A city has a market, or a multitude of them, or is itself the market, and sometimes - not where Venice rules, but it happens - those markets deal in slaves; it doesn't have only a slave market and nothing else. It doesn't have "traders" who don't need a profit to live, but play-act at slave trading anyway because they enjoy being cruel, and someone more powerful has decreed that their toy city must have a market. 

A city has brothels, no doubt, or elegant courtesans as famed for their conversation as their beauty, or back-alley whores, or all three... because everyone needs to eat and some people are willing to admit that every comparative advantage allows some gains from trade. It doesn't have... Abramo can't find words for what the "Ten Thousand Delights" is.

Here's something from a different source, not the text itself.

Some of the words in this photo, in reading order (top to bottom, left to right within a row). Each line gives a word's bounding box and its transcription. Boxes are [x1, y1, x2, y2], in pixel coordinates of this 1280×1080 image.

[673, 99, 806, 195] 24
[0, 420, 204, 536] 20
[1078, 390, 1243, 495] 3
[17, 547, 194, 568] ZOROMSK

It's as though someone heard that a properly decadent city should have dens of sin selling exotic sex to stir jaded appetites, and didn't actually understand much about sex (or sin, or sales, or plausibly even appetites) but immediately set off to invent some exotic variants of it.

A city has courts of law, or merchant arbitrators, or clan elders who mediate disputes; and those courts may be corrupt or they may enforce bad laws or they may be tools of the powerful against their enemies or they may just be overloaded and arbitrary, but they don't hold "trials" whose sole and avowed purpose is to demonstrate the contempt that all involved feel for the concept of law.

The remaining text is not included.